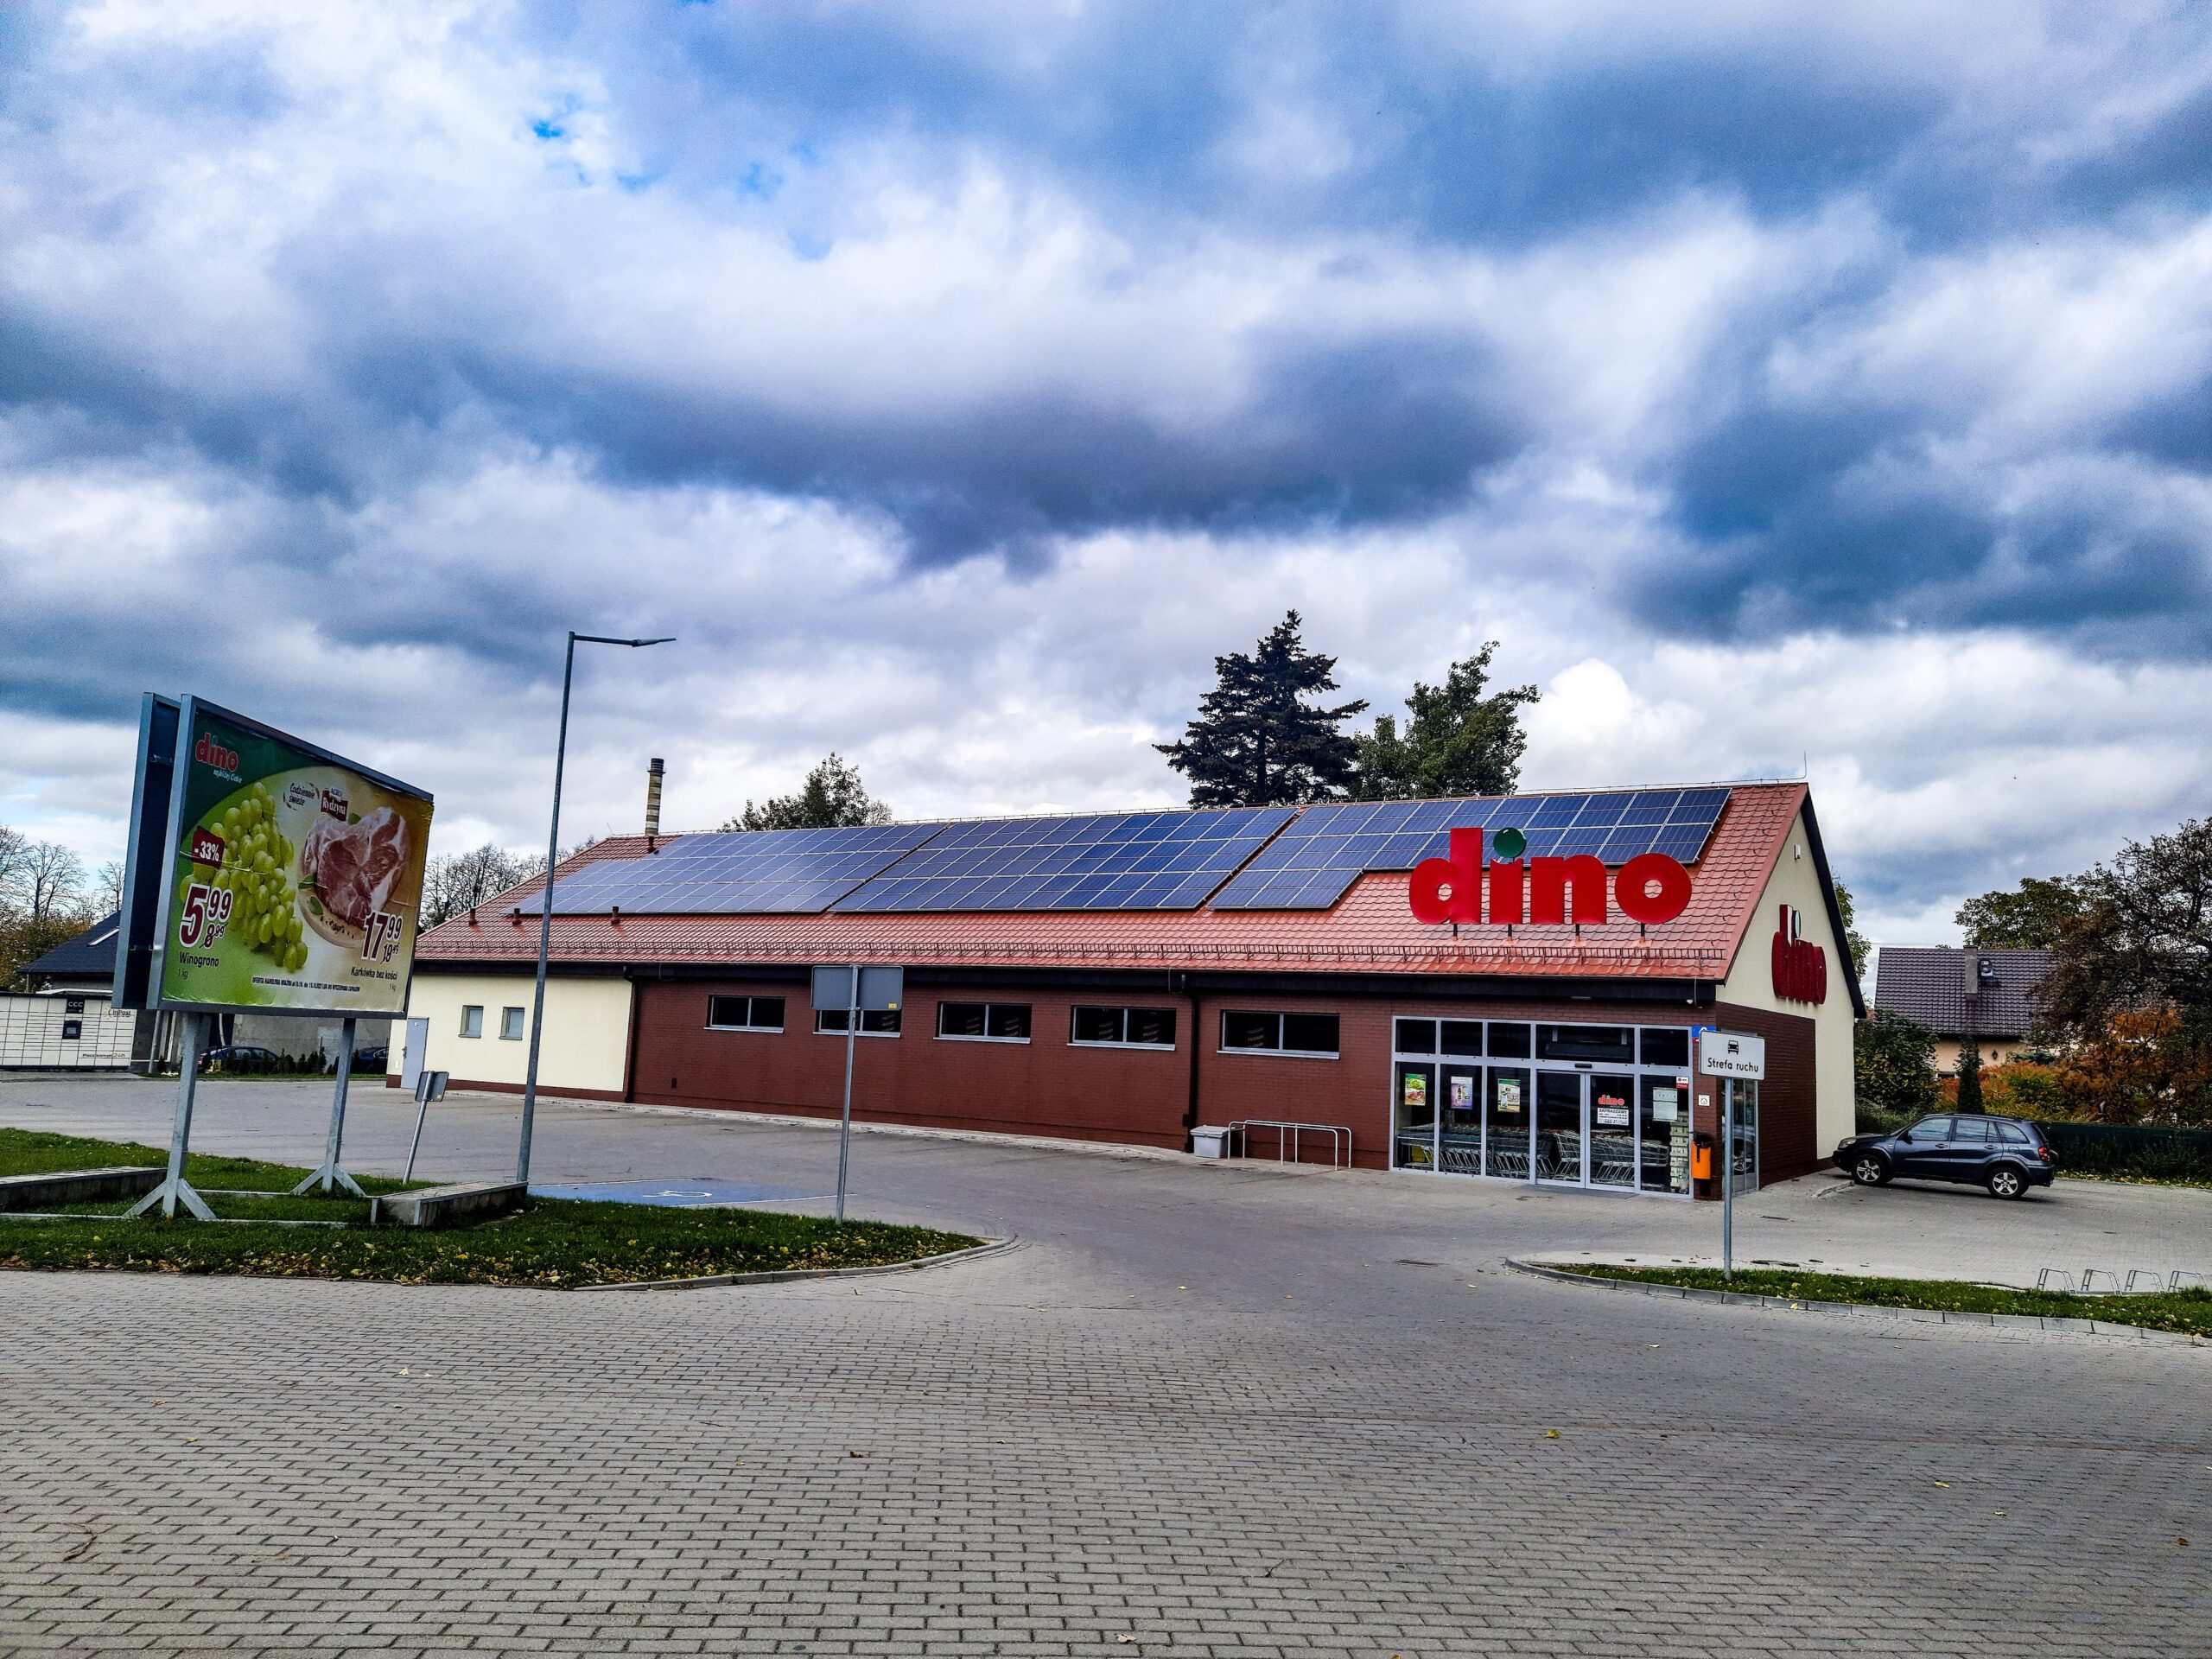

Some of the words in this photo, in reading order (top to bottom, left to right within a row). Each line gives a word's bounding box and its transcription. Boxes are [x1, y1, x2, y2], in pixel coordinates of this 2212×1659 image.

[195, 732, 238, 772] dino
[322, 797, 346, 815] Rydzyna
[1409, 827, 1693, 925] dino
[180, 951, 219, 967] Winogrono
[351, 966, 375, 978] Karkówka
[376, 969, 385, 979] bez
[1707, 1057, 1732, 1070] Strefa
[1736, 1062, 1758, 1072] ruchu
[1599, 1094, 1624, 1106] dino

What you should do
Without the pictures, return each entry exactly as given.

Response below
Some of the words in this photo, in reading order (top to bottom, left to right within a row). Each line gives a word's bounding box and its transcription. Boxes are [x1, y1, x2, y2], in pixel coordinates of this 2212×1659 image.

[195, 732, 238, 772] dino
[322, 797, 346, 815] Rydzyna
[1409, 827, 1693, 925] dino
[180, 951, 219, 967] Winogrono
[351, 966, 375, 978] Karkówka
[376, 969, 385, 979] bez
[1707, 1057, 1732, 1070] Strefa
[1736, 1062, 1758, 1072] ruchu
[1599, 1094, 1624, 1106] dino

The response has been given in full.